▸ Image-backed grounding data
^^^^^^^^
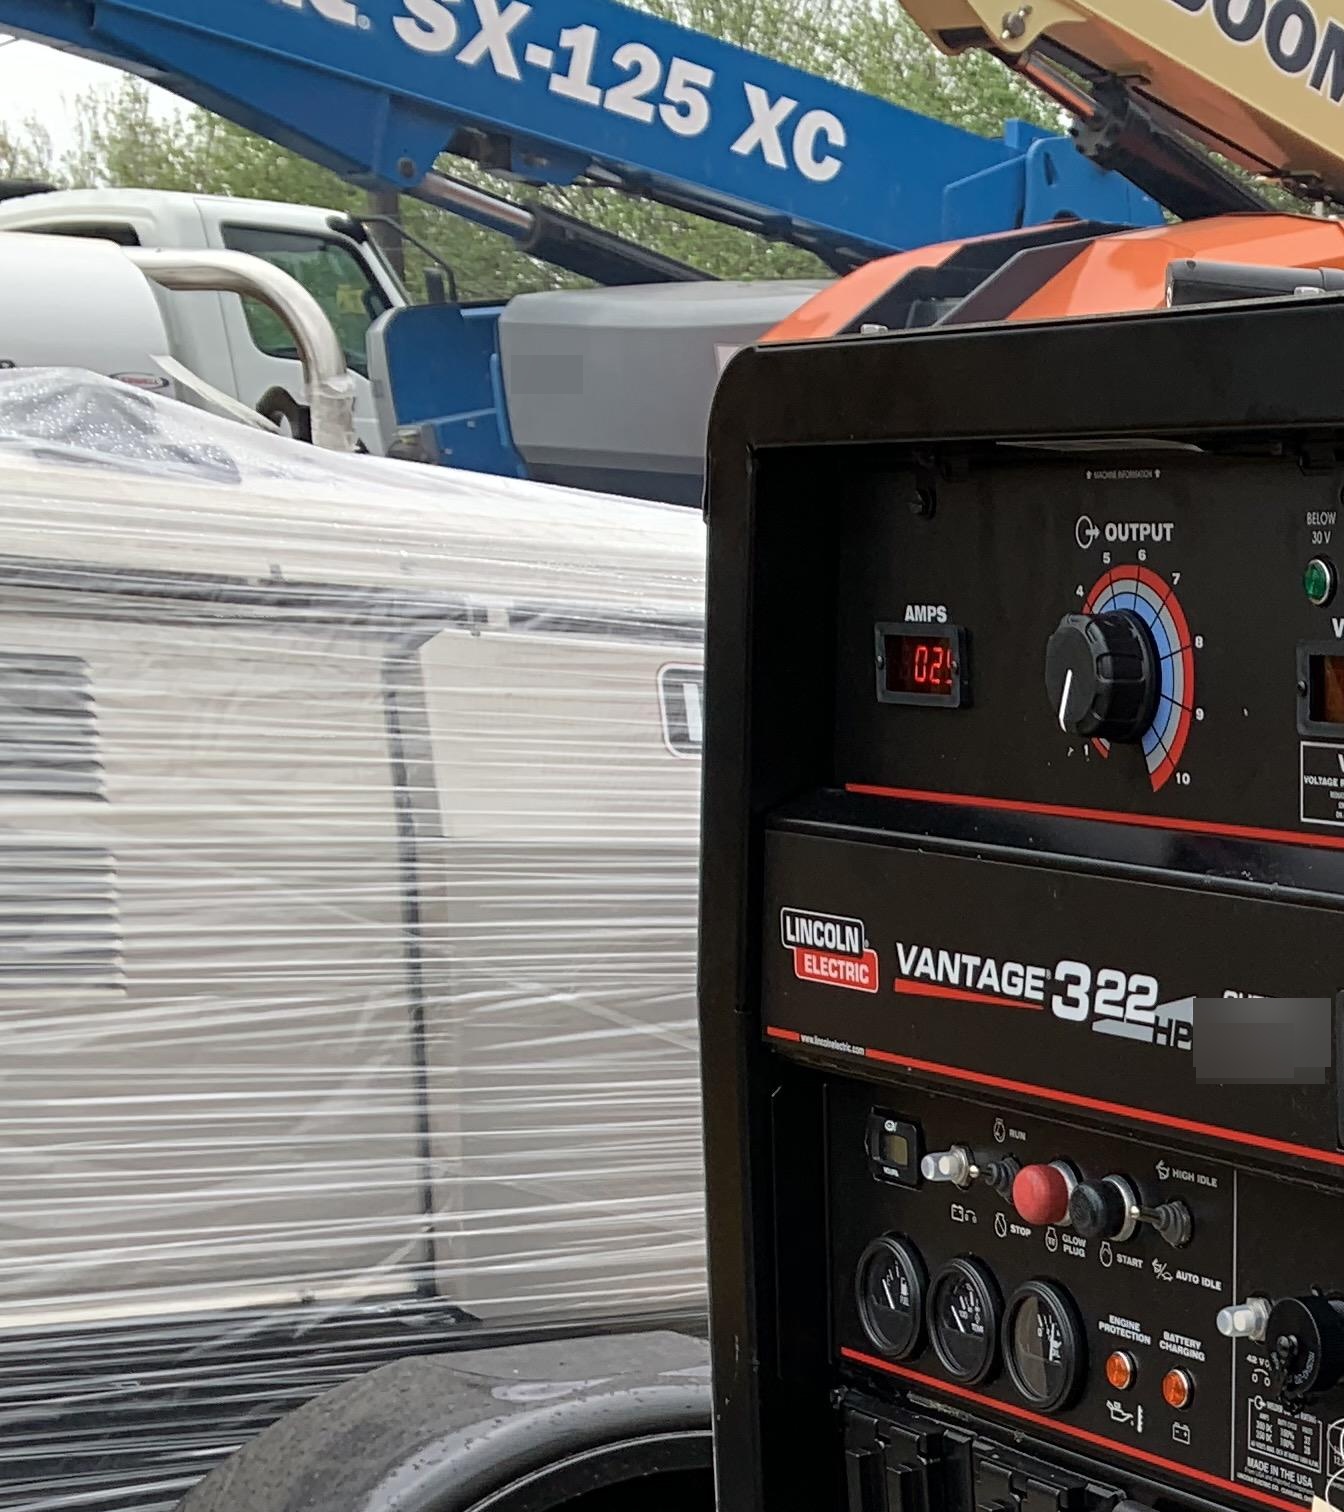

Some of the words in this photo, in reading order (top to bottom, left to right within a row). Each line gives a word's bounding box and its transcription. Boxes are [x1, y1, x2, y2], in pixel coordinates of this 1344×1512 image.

[730, 82, 847, 181] XC
[1306, 512, 1336, 525] BELOW
[1105, 522, 1174, 541] OUTPUT
[1312, 531, 1323, 544] 30
[1102, 551, 1111, 564] 5
[1138, 549, 1147, 561] 6
[1171, 572, 1181, 584] 7
[1075, 585, 1084, 597] 4
[904, 604, 948, 623] AMPS
[1195, 636, 1204, 649] 8
[1195, 708, 1205, 721] 9
[1175, 772, 1191, 785] 10
[1303, 775, 1339, 787] VOLTAGE
[785, 915, 860, 954] LINCOLN
[803, 954, 870, 984] ELECTRIC
[1052, 960, 1159, 1023] 322
[1009, 1128, 1027, 1141] RUN
[1171, 1167, 1195, 1182] HIGH
[1196, 1173, 1218, 1188] IDLE
[1010, 1224, 1031, 1237] STOP
[1062, 1233, 1087, 1248] GLOW
[1063, 1243, 1086, 1258] PLUG
[1116, 1253, 1144, 1268] START
[1175, 1270, 1200, 1285] AUTO
[1201, 1276, 1223, 1291] IDLE
[1108, 1314, 1141, 1332] ENGINE
[1098, 1321, 1151, 1345] PROTECTION
[1163, 1331, 1202, 1350] BATTERY
[1159, 1339, 1206, 1362] CHARGING
[1247, 1456, 1269, 1472] MADE
[1270, 1464, 1278, 1477] IN
[1280, 1467, 1296, 1482] THE
[1296, 1472, 1313, 1488] USA
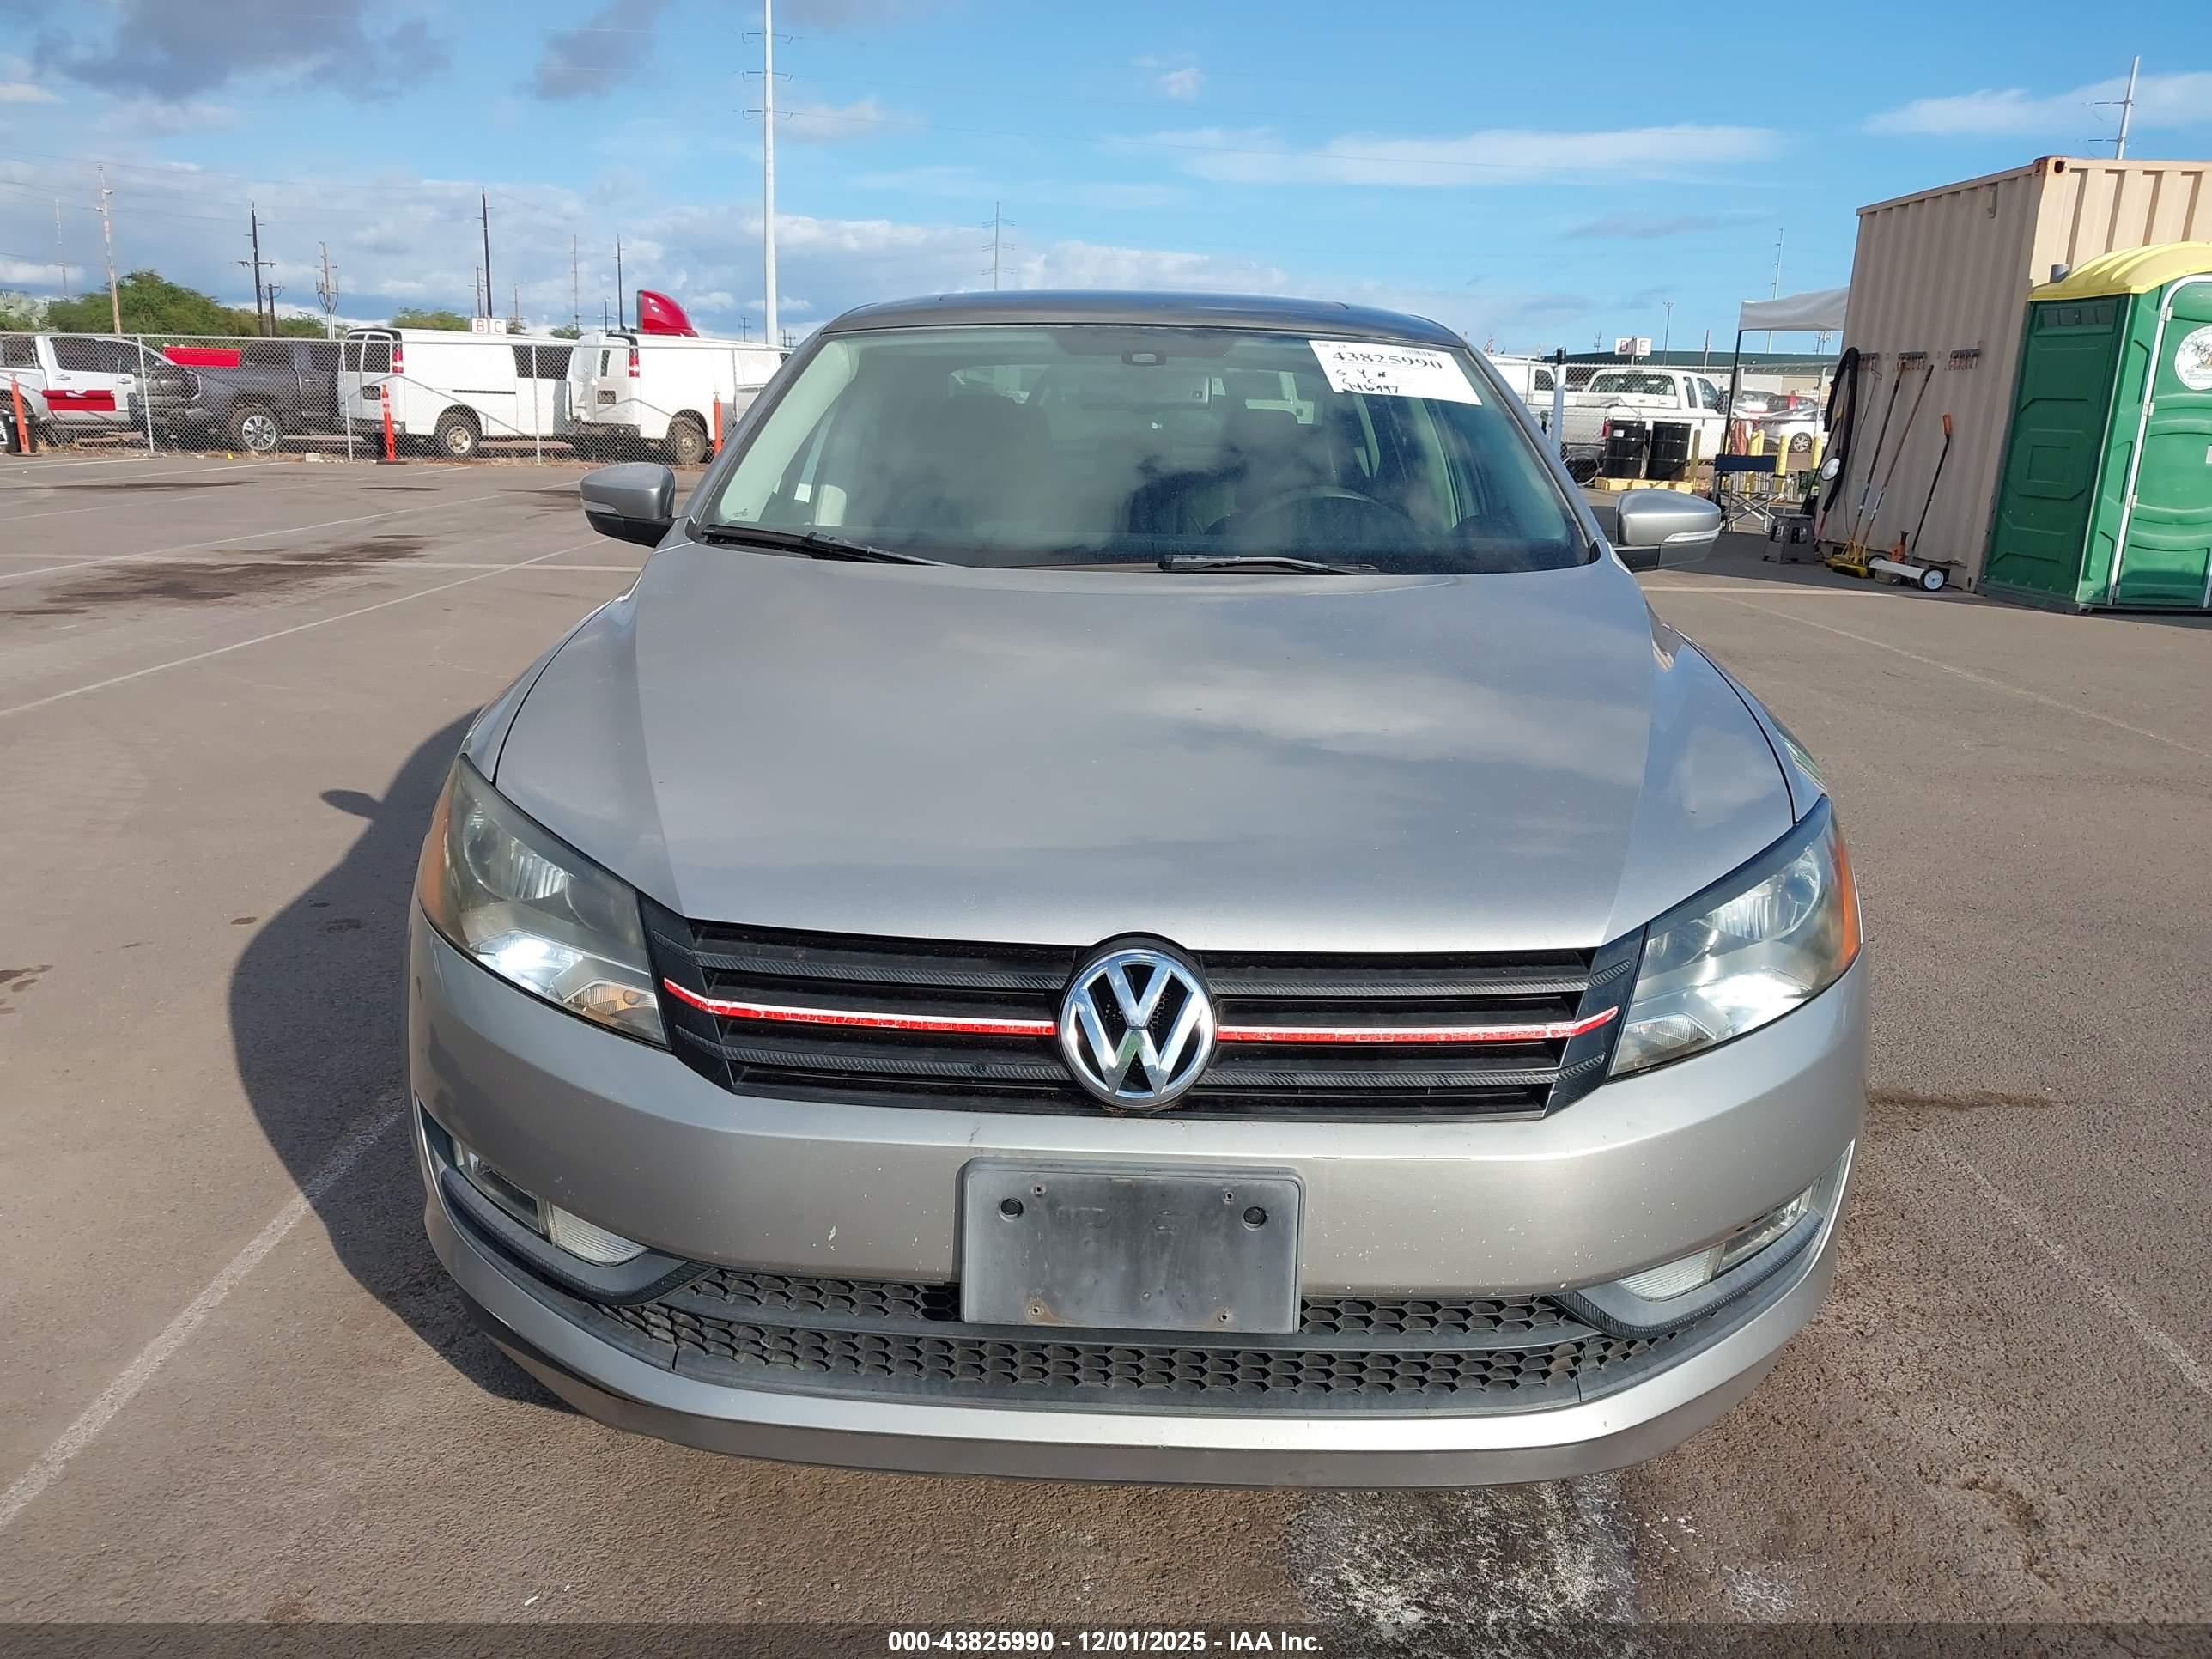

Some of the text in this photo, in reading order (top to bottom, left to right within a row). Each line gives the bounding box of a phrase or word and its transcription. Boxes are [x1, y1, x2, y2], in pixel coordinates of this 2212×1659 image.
^^^^^^^^
▸ Exercise goal
Give the data again exactly as written, with no pictures included.

▸ Result for this exercise
Some of the words in this photo, in reading order (top to bottom, left to right within a row). Each line gives a word's bounding box and its transcription. Boxes are [x1, y1, x2, y2], in pixel coordinates of this 1344×1512 image.

[730, 82, 847, 181] XC
[1306, 512, 1336, 525] BELOW
[1105, 522, 1174, 541] OUTPUT
[1312, 531, 1323, 544] 30
[1102, 551, 1111, 564] 5
[1138, 549, 1147, 561] 6
[1171, 572, 1181, 584] 7
[1075, 585, 1084, 597] 4
[904, 604, 948, 623] AMPS
[1195, 636, 1204, 649] 8
[1195, 708, 1205, 721] 9
[1175, 772, 1191, 785] 10
[1303, 775, 1339, 787] VOLTAGE
[785, 915, 860, 954] LINCOLN
[803, 954, 870, 984] ELECTRIC
[1052, 960, 1159, 1023] 322
[1009, 1128, 1027, 1141] RUN
[1171, 1167, 1195, 1182] HIGH
[1196, 1173, 1218, 1188] IDLE
[1010, 1224, 1031, 1237] STOP
[1062, 1233, 1087, 1248] GLOW
[1063, 1243, 1086, 1258] PLUG
[1116, 1253, 1144, 1268] START
[1175, 1270, 1200, 1285] AUTO
[1201, 1276, 1223, 1291] IDLE
[1108, 1314, 1141, 1332] ENGINE
[1098, 1321, 1151, 1345] PROTECTION
[1163, 1331, 1202, 1350] BATTERY
[1159, 1339, 1206, 1362] CHARGING
[1247, 1456, 1269, 1472] MADE
[1270, 1464, 1278, 1477] IN
[1280, 1467, 1296, 1482] THE
[1296, 1472, 1313, 1488] USA

Some of the text in this photo, in reading order (top to bottom, left to right within a row). Each line gives the bounding box of a phrase or word and its transcription. Boxes are [x1, y1, x2, y2], in pixel coordinates of this 2212×1659 image.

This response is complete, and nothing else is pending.